„Kto mieczem wojuje, od miecza ginie.” (Mt 26,52)
Wysokościomierz radiowy RW-5M – ten sam, którego zaprzańcy za wszelką cenę usiłowali użyć jako corpus delicti na winę załogi – okazuje się tymczasem przysłowiowym gwoździem do trumny Zdrajców Polskiej Racji Stanu. Ale po kolei…
W raporcie Millera – zapewne nieprzypadkowo – znalazło się aż dwukrotne zapewnienie, iż podczas całego lotu radiowysokościomierz działał poprawnie (w domyśle: "…a to jedynie załoga nieudolnie z niego korzystała").
Radiowysokościomierz to takie sprytne urządzenie, które mierzy wysokość anteny nad gruntem. W zapisach parametrów lotu Tu-154M – kolejne pomiary RW pojawiają się w odstępach półsekundowych. Już sama ich prezentacja w obu raportach – wymaga kilku zdań omówienia.
Tak wygląda klasyczna konwersja A/C:
Łatwo zatem wywnioskować, że w celu poprawnej konwersji odwrotnej – należy połączyć lewe wierzchołki słupków z rysunku – wtedy otrzymujemy przebieg najbliższy pierwotnemu. Ale MAK popełnił błąd, gdyż zastosował w tym celu prawe wierzchołki słupków (błędne przesunięcie o pół sekundy). Natychmiast daje się to wychwycić na poniższym zestawieniu:
Z tego powodu dla uzyskania interesujących nas parametrów lotu skorzystamy z raportu Millera.

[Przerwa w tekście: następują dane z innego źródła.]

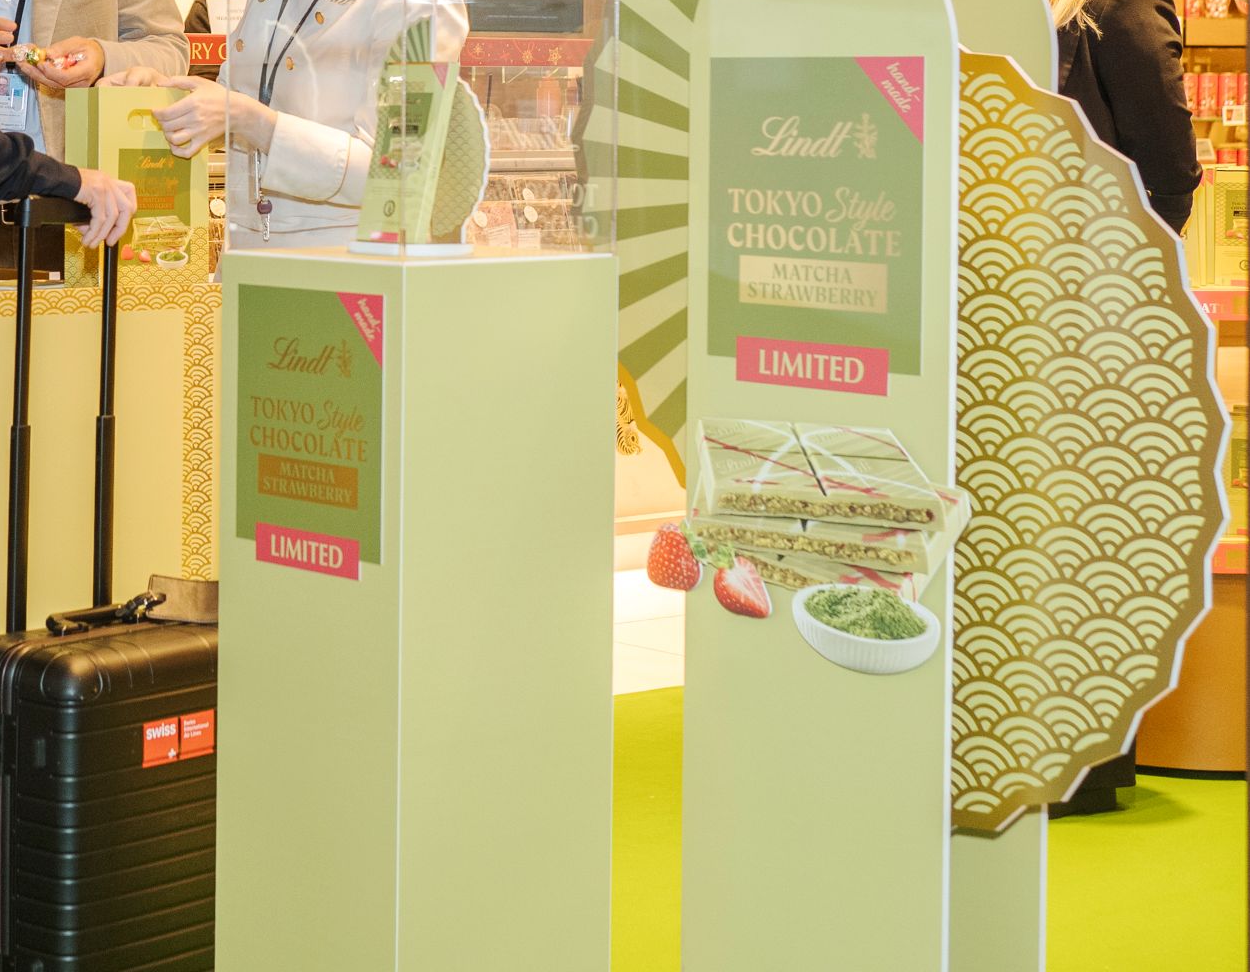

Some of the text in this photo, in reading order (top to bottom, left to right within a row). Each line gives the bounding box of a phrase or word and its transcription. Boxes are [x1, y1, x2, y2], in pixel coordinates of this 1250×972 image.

Ponadto, aby nie wprowadzać dodatkowego zamieszania – skorzystamy z tej samej osi czasu. Naszym punktem odniesienia będzie czas: 10:41:00,0.
Kilka innych istotnych kwestii pojawi się w dalszej części notki, przykładowo:
Tu-154M podczas lotu nie sprawdza się zbyt dobrze w roli buldożera.
(a gdyby ktoś jednak zechciał polemizować z tą tezą – oczywiście uprzejmie proszony jest o: "dowody na stół")
Dla nas najbardziej interesujące są parametry: RW, roll i pitch (rysunki z raportu KBWL):
Spójrzmy na wykres RW (spuszczając zasłonę milczenia na zmienny czas uderzenia w Pancerną Brzozę, rys. 17, 20).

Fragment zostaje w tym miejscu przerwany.